What benefits do control and flexibility bring?

As superannuation is a trust structure, the legal owners of a trust are the trustees which, with SMSFs, are usually also the members. However retail or industry super funds do not give members control over their super balance.

Most would agree that taking control of an asset that is likely to be second in size only to the family home makes sense.

The more obvious benefits are with flexibility. This includes flexibility in regard to investment choice through to flexibility with super contributions.  Another area of flexibility is when the SMSF is paying a pension. Being able to withdraw pension payments when required is much easier and the process much quicker.

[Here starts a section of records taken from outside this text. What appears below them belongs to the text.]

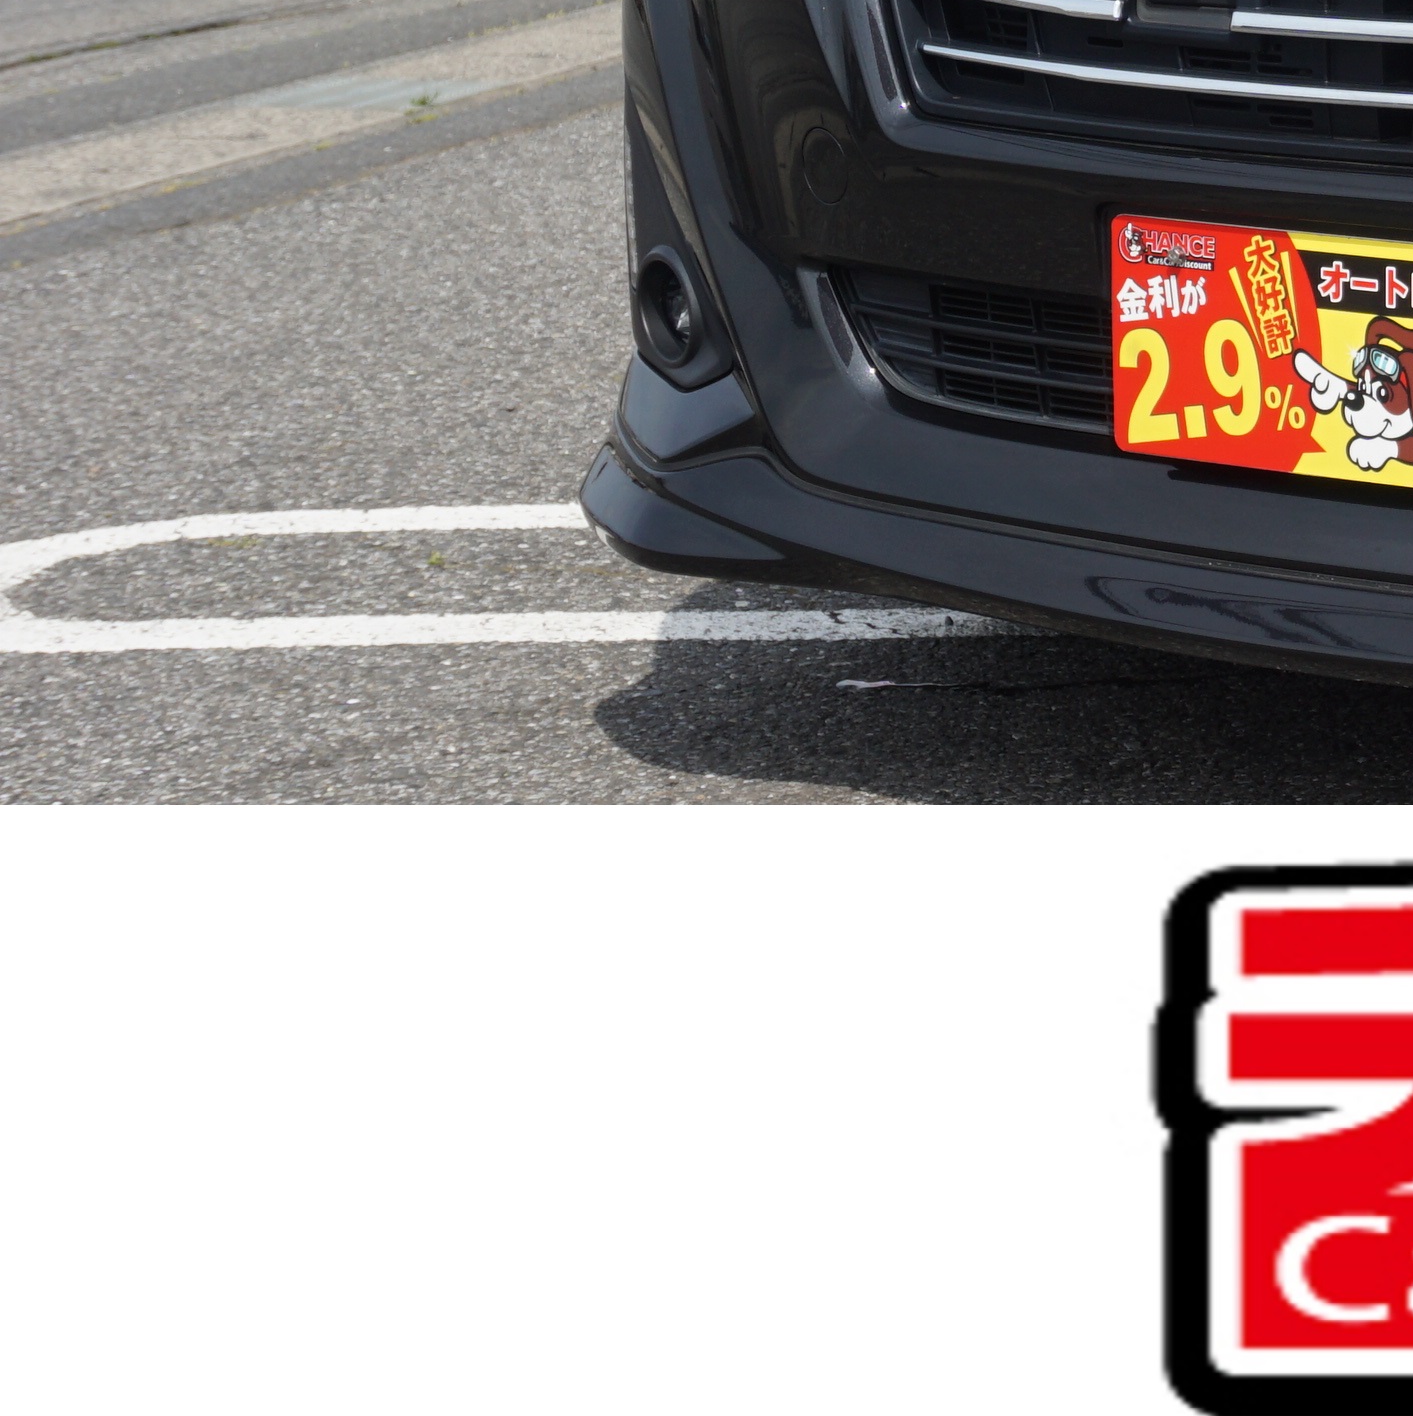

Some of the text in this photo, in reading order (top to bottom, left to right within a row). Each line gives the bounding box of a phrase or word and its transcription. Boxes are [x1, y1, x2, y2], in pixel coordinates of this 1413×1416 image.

[1117, 273, 1207, 322] 金利が
[1244, 234, 1295, 359] 大好評
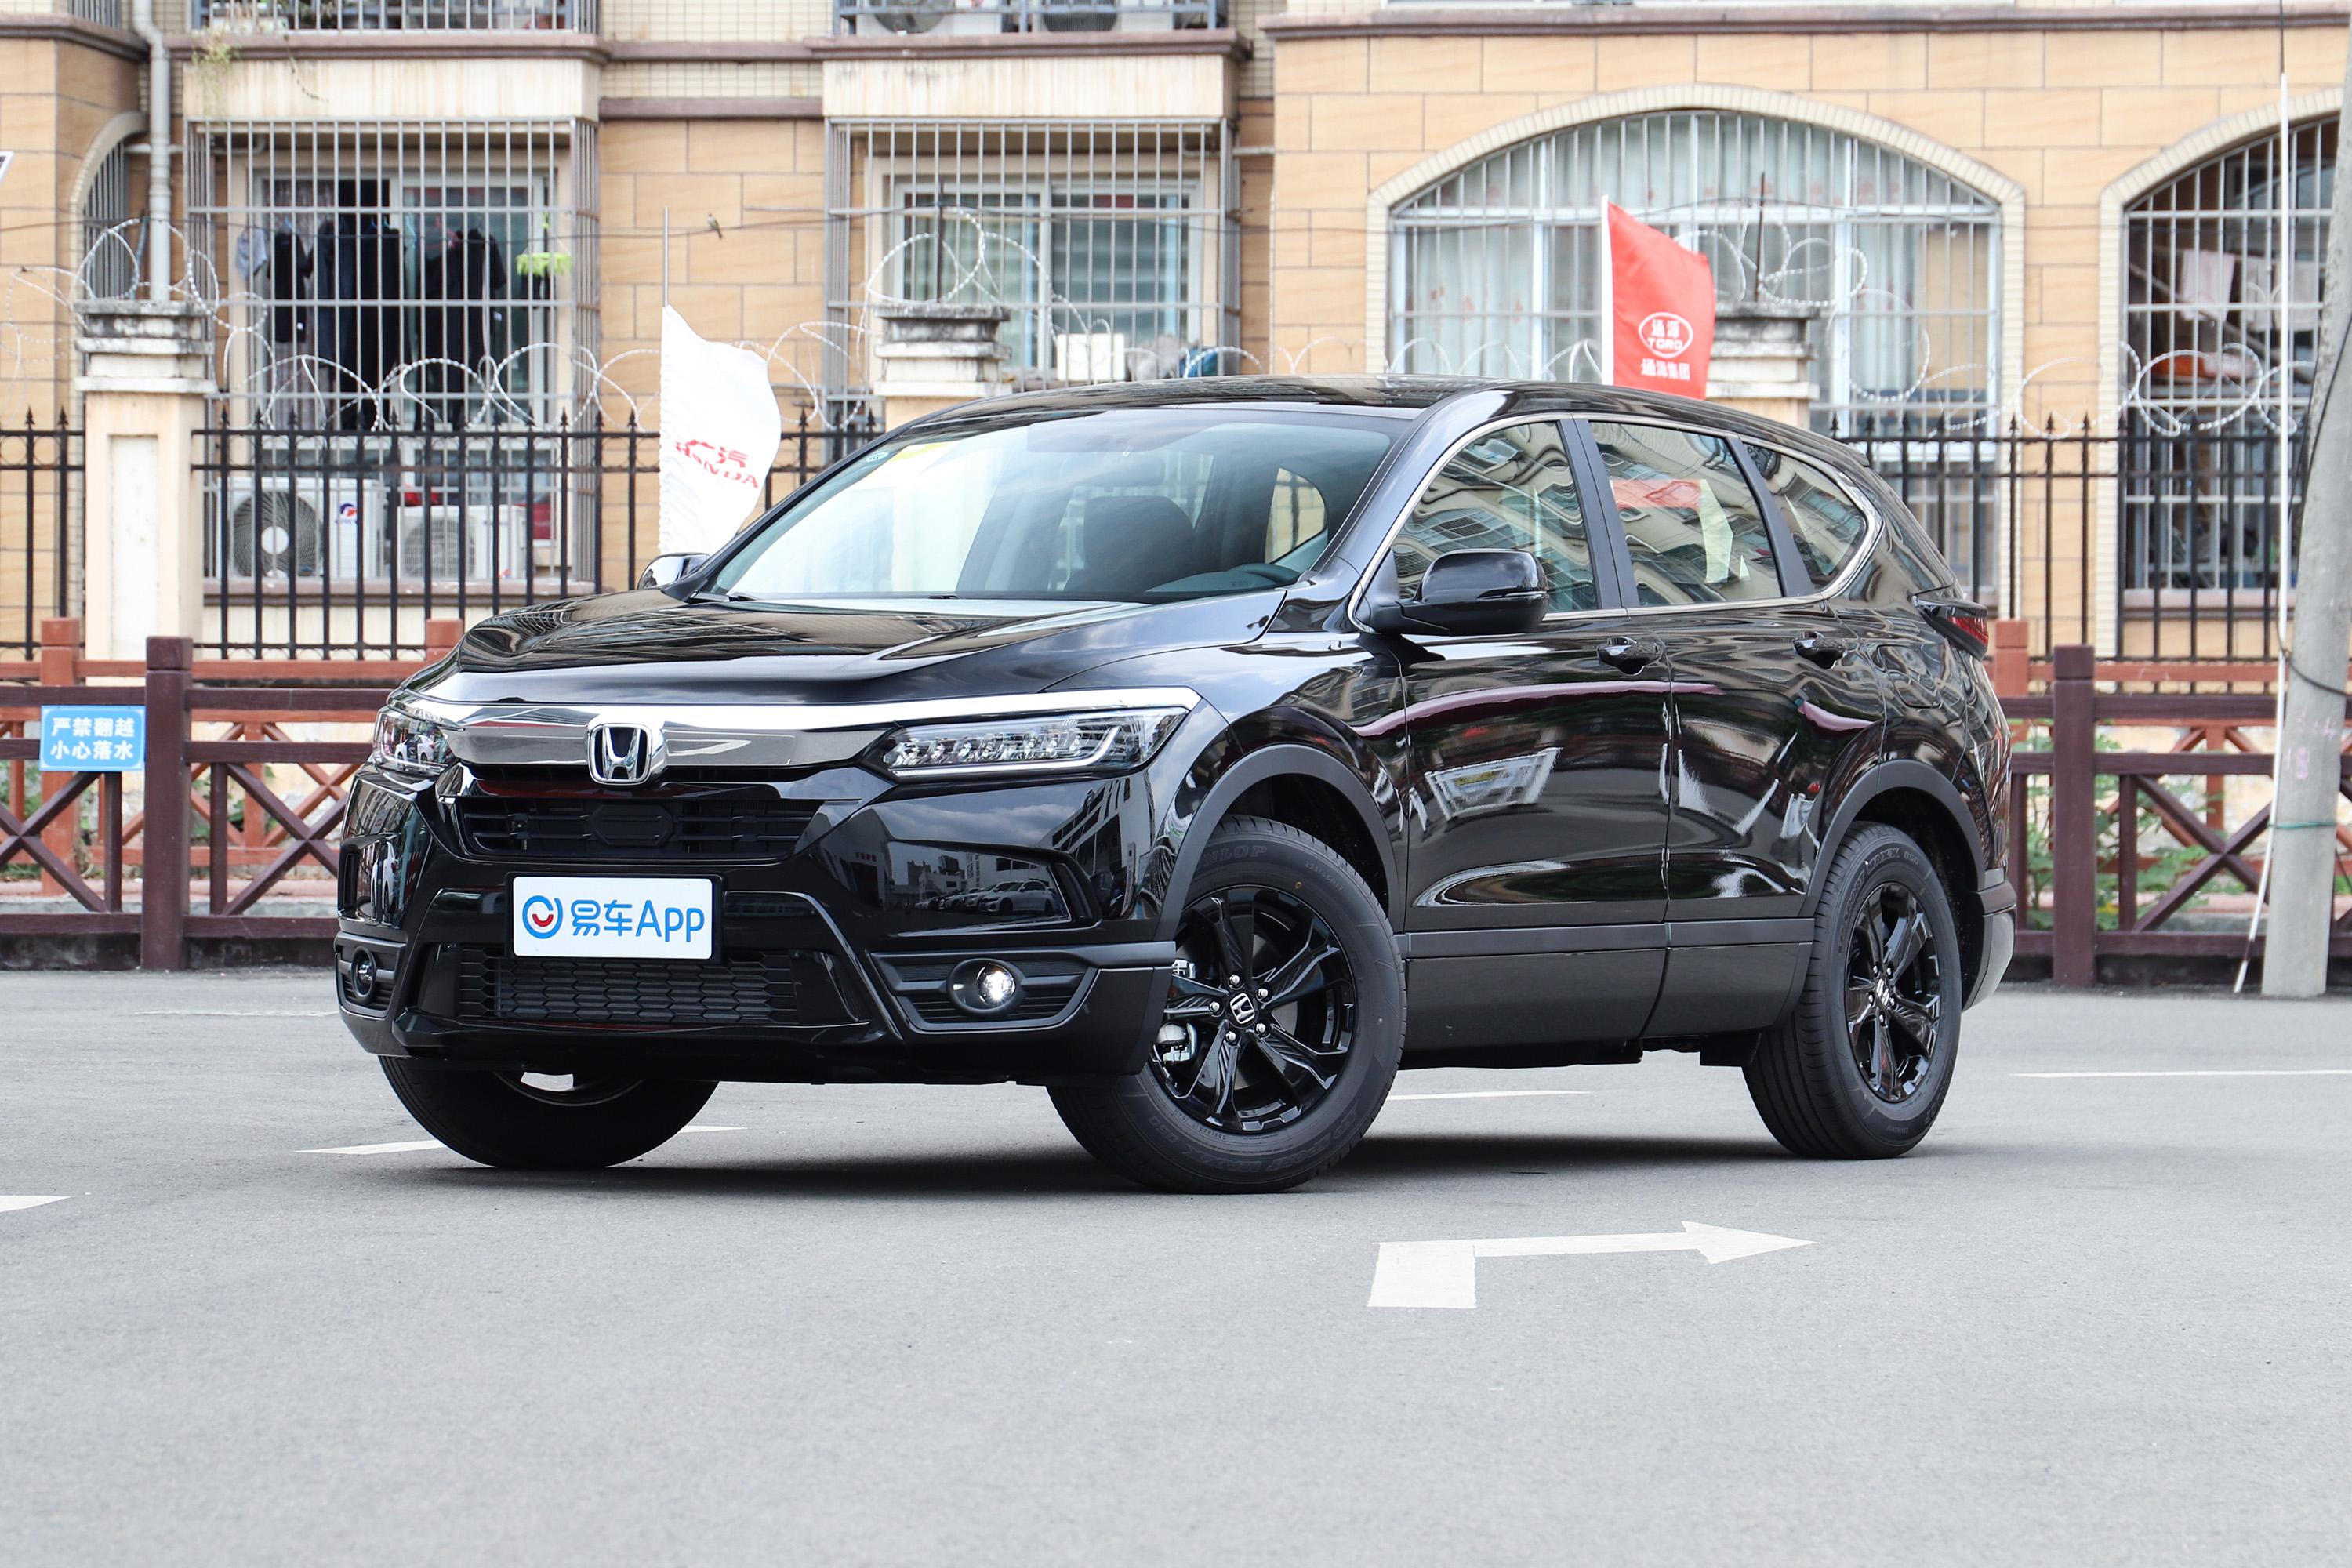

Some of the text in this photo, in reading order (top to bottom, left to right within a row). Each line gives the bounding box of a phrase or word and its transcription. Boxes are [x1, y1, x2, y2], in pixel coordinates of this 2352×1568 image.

[1641, 358, 1690, 381] 通源集团
[51, 717, 135, 737] 严禁翻越
[50, 740, 133, 760] 小心落水
[571, 900, 705, 942] 易车App
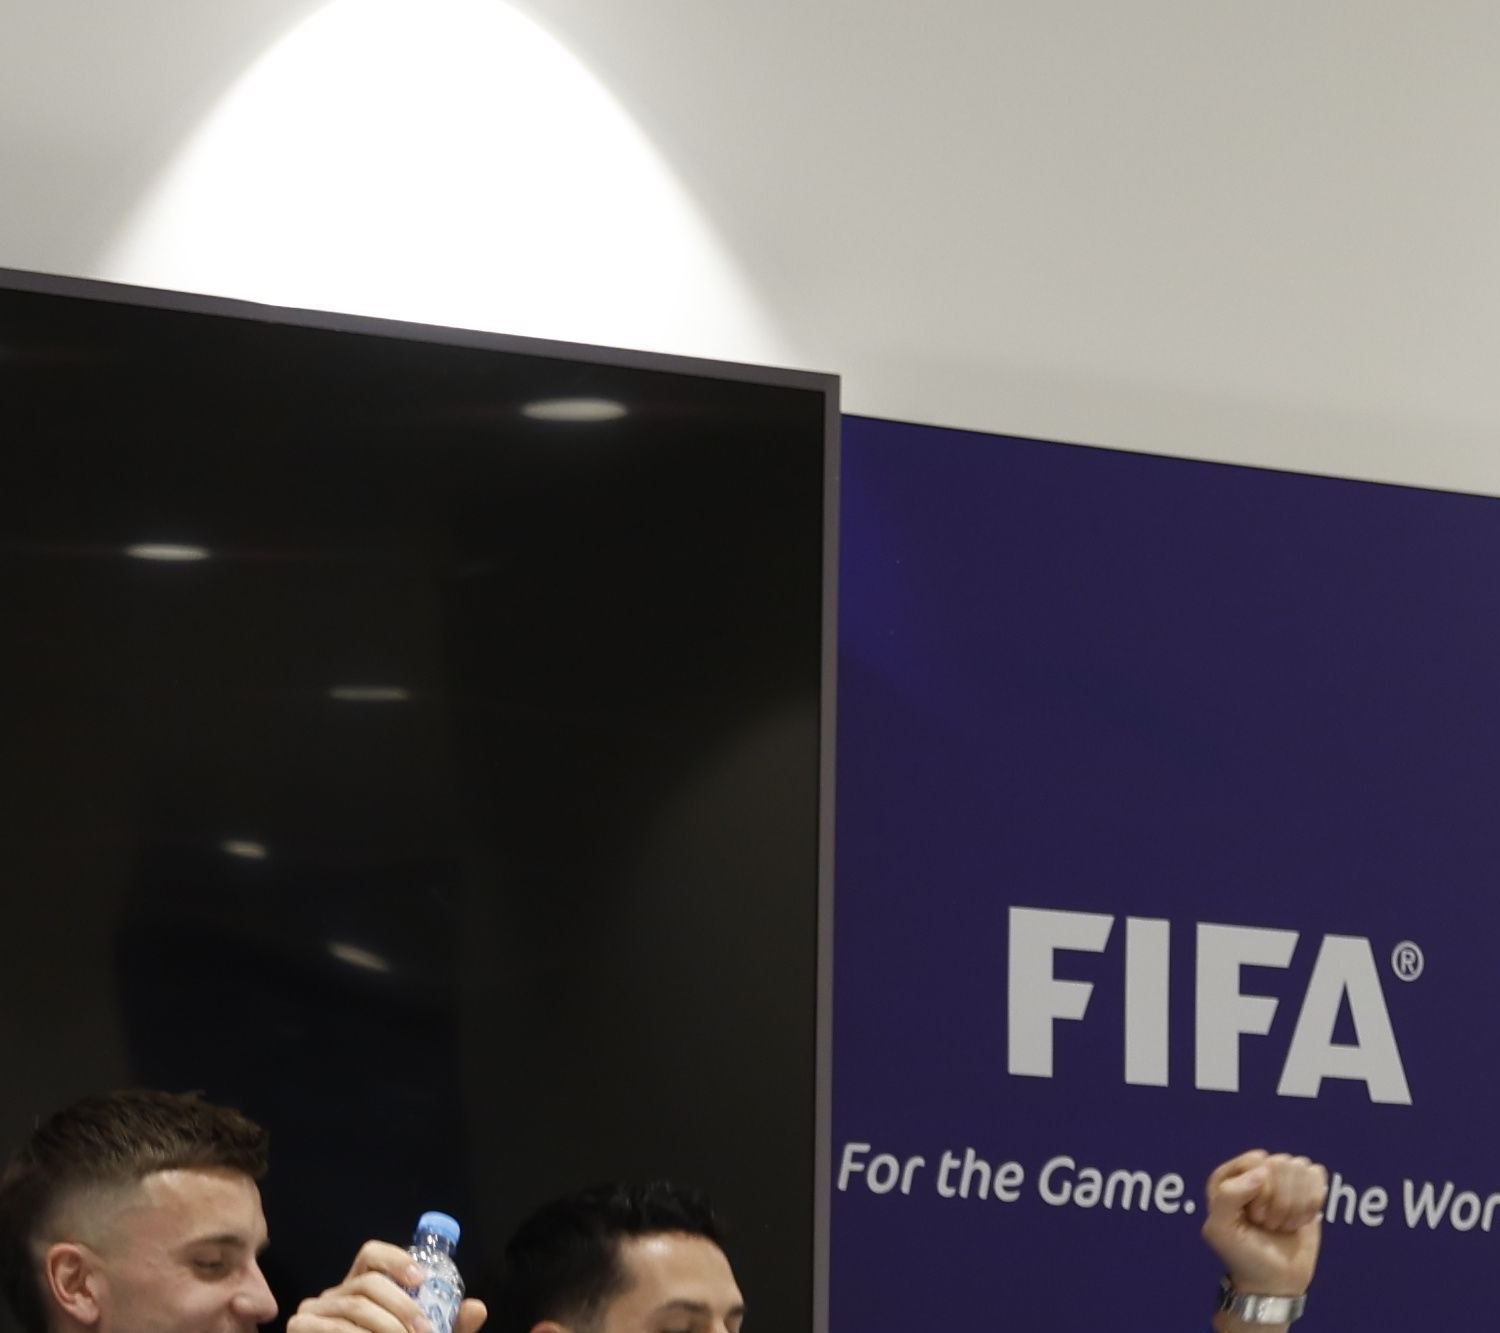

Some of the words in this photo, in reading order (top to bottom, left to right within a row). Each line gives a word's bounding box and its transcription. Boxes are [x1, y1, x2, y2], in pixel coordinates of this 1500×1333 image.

What obligations are there?

The main legal obligations are that Trustees must:

  • act in accordance with the fund’s trust deed and the governing legislation
  • prepare and implement an investment strategy
  • lodge annual accounts and returns and have the fund audited

There are also a number of other obligations in recording investment transactions and ensuring compliance, but these are not onerous.

Can I have an SMSF without all the hassle?

This is a good question as there are options for people to have all the benefits of an SMSF without doing all the work.

“For instance, advisers can provide a service to take care of all the management and investments in the fund, as well as all compliance issues.  This is arranged according to the wishes of the trustees, so the trustees retain overall control and responsibility but outsource most of the work,” says Mr Philpot.

HLB Mann Judd Sydney is a firm of accountants and business and financial advisers, and a member of the HLB Mann Judd Australasian Association.